Substantively, the evidence would be admissible at separate trials under MRE 404(b), a fact which supports the propriety of joinder in this case. See Williams, 483 Mich at 237. As noted, defendant was also aware of all the facts of the three cases before trial. Further, defendant’s defense to all three cases was the same: misidentification. On appeal, he does not even attempt to explain what he might have done differently if the cases had been tried separately.
Further, the trial court also took steps to minimize any potential prejudice from the joinder by instructing prospective jurors during voir dire that defendant was “entitled to a separate consideration for each of those three charges,” and by reiterating in the final jury instructions that the fact that defendant was “charged with more than one crime” was not evidence, that the jurors could not “mix and match elements” from the different dates to arrive at a conviction, and that they must determine for “each date” whether defendant was guilty or not guilty. Jurors are presumed to follow their instructions, and these limiting instructions helped alleviate any potential prejudice. See People v Roscoe, 303 Mich App 633, 646; 846 NW2d 402 (2014). Indeed, the jury in fact found defendant not guilty of one of the joined counts, supporting that defendant was not unfairly prejudiced by the joinder.
Lastly, aside from timing and prejudice concerns, the convenience of the witnesses also supported joinder. See MCR 6.120(B)(2). There was a total of three witnesses: Detective Schmidt, the WMET property manager who testified regarding the chain of custody for the drugs, and the forensic analyst who tested the drugs. All three witnesses would have testified in all three cases, presenting largely the same testimony in each case. Judicial economy and the convenience of the witnesses strongly supported joinder under MCR 6.120(B). In sum, the trial court did not abuse its discretion by joining logically related offenses involving overlapping proofs. See Williams, 483 Mich at 237.

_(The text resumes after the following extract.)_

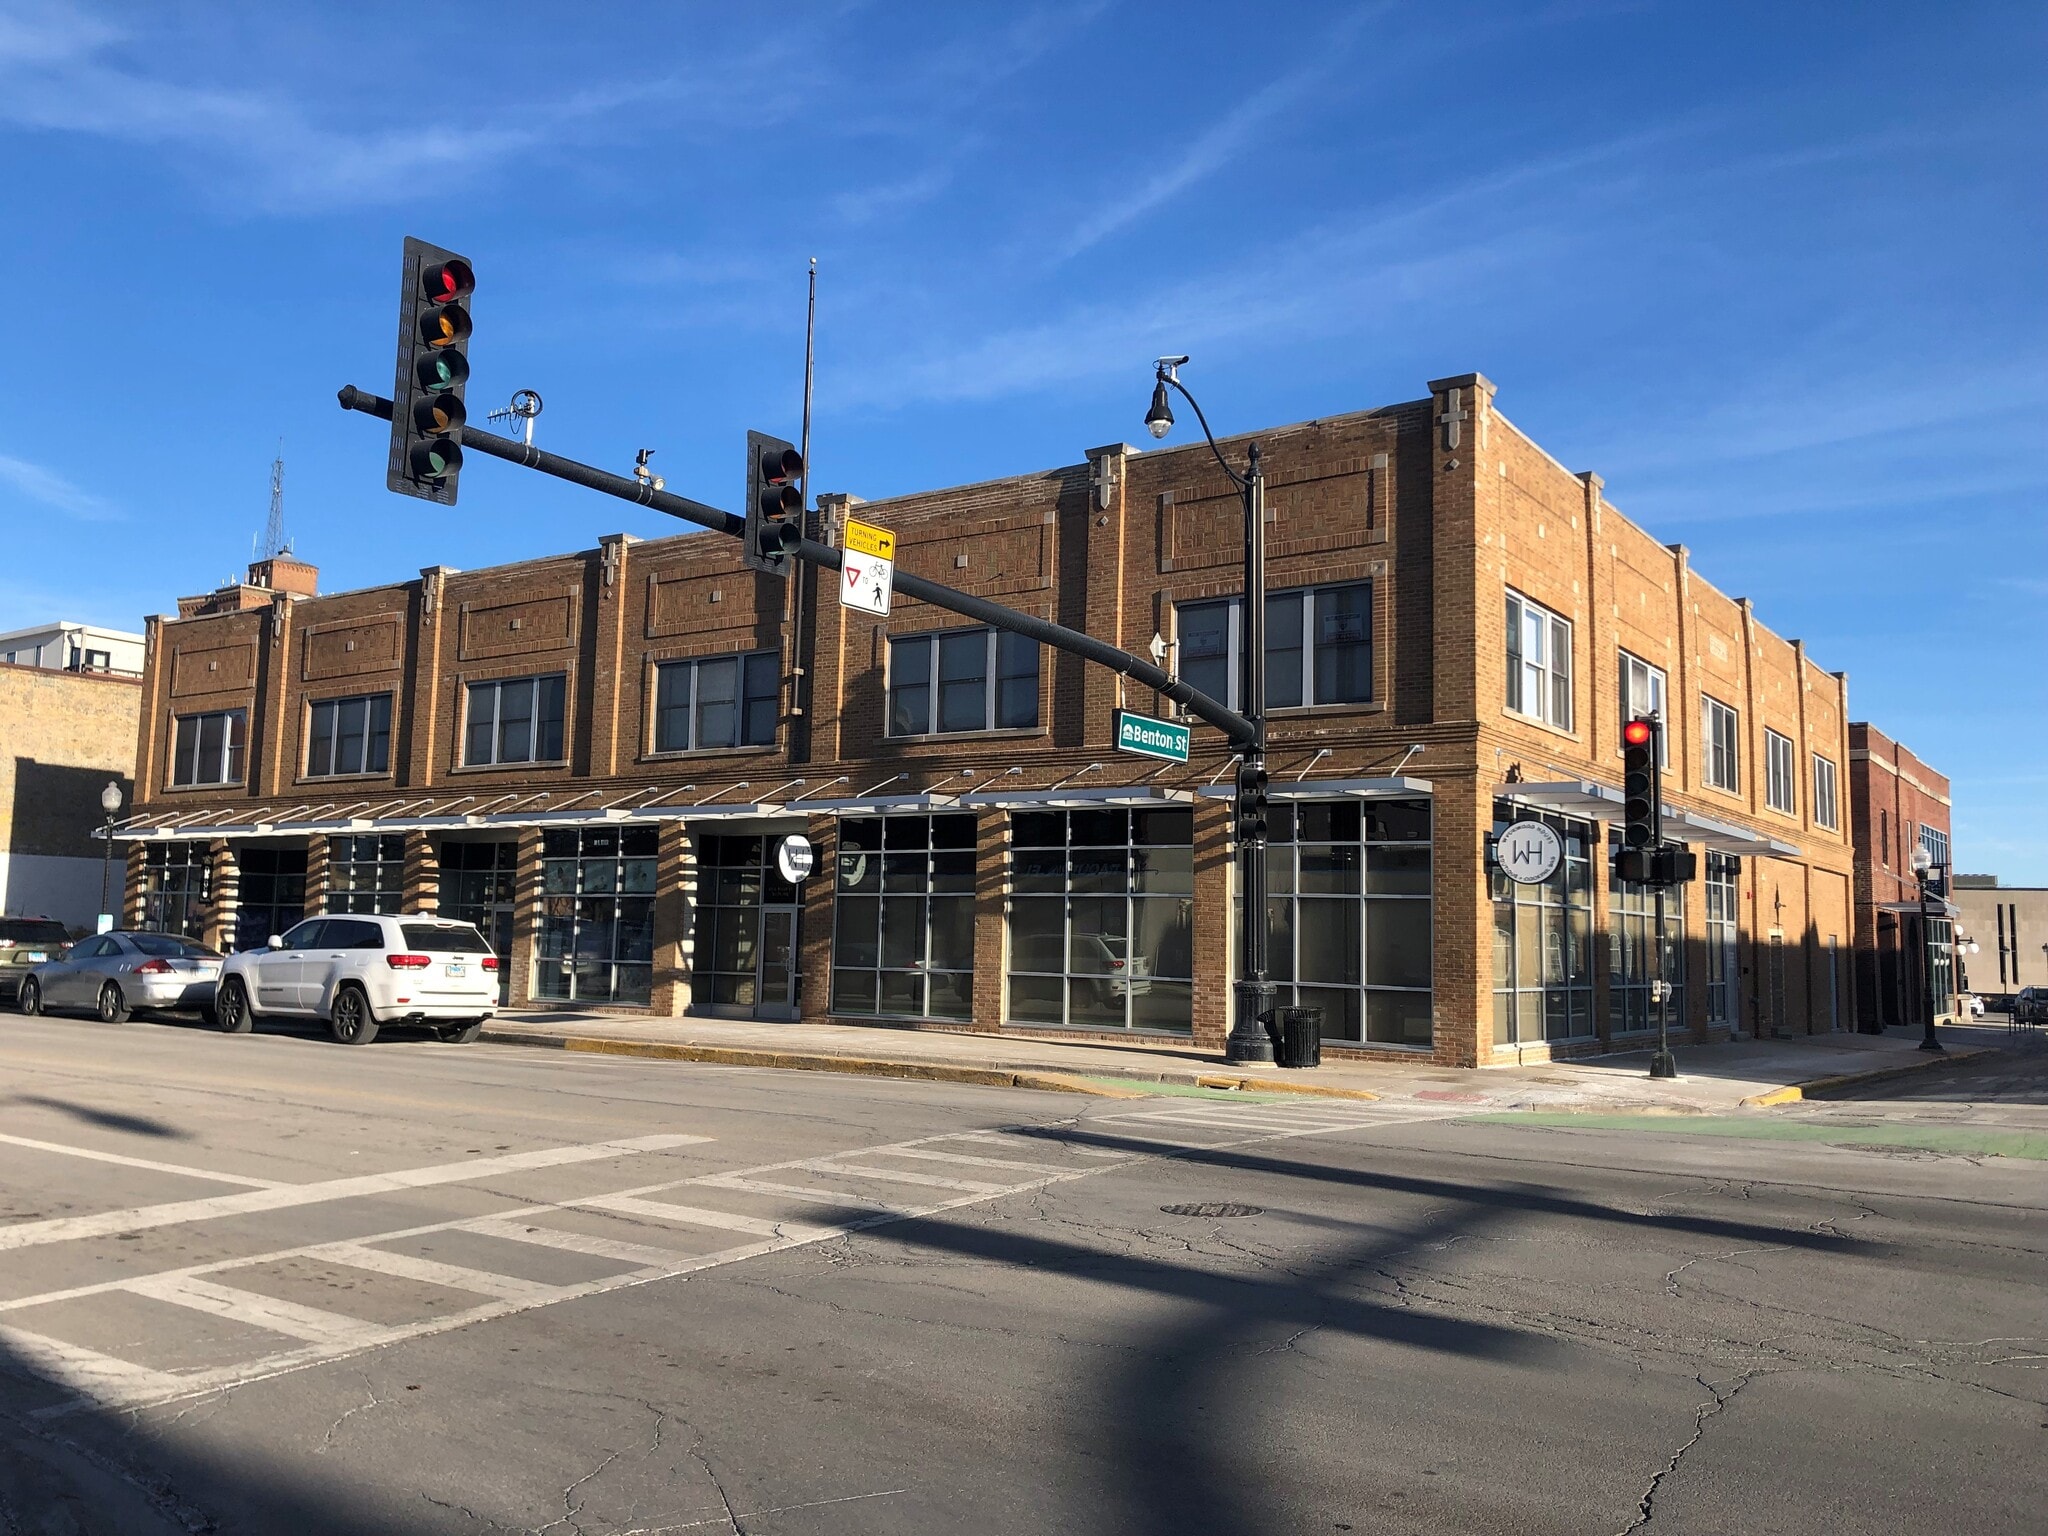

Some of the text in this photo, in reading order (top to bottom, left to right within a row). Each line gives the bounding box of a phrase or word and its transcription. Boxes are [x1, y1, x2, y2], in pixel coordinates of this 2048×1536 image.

Defendant makes the cursory assertion that defense counsel provided ineffective assistance by failing to place all the facts relevant to a joinder decision on the record before the trial court. In actuality, the record supports that defense counsel promptly and specifically objected to the joinder of the charges. Defense counsel was not ineffective simply because his objection proved unsuccessful. See People v Solloway, 316 Mich App 174, 190; 891 NW2d 255 (2016). -4- II. SUFFICIENCY OF THE EVIDENCE Next, defendant argues that the prosecutor failed to present sufficient evidence, particularly with regard to identity, to support defendant’s convictions. This Court reviews de novo a challenge to the sufficiency of the evidence. People v Williams, 268 Mich App 416, 419; 707 NW2d 624 (2005).
When ascertaining whether sufficient evidence was presented at trial to support a conviction, this Court must view the evidence in a light most favorable to the prosecution and determine whether a rational trier of fact could find that the essential elements of the crime were proven beyond a reasonable doubt. This Court will not interfere with the trier of fact’s role of determining the weight of the evidence or the credibility of witnesses. Circumstantial evidence and reasonable inferences that arise from such evidence can constitute satisfactory proof of the elements of the crime. All conflicts in the evidence must be resolved in favor of the prosecution. [Id. (citations omitted).]
The jury convicted defendant of two counts of delivering methamphetamine, relating to drug sales on March 11, 2020 and May 16, 2020. The elements of this offense are: (1) that the defendant delivered a controlled substance, (2) that the substance delivered was methamphetamine, and (3) that the defendant knew he was delivering methamphetamine. People v Meshell, 265 Mich App 616, 619; 696 NW2d 754 (2005). It is also “well settled that identity is an element of every offense.” People v Yost, 278 Mich App 341, 356; 749 NW2d 753 (2008).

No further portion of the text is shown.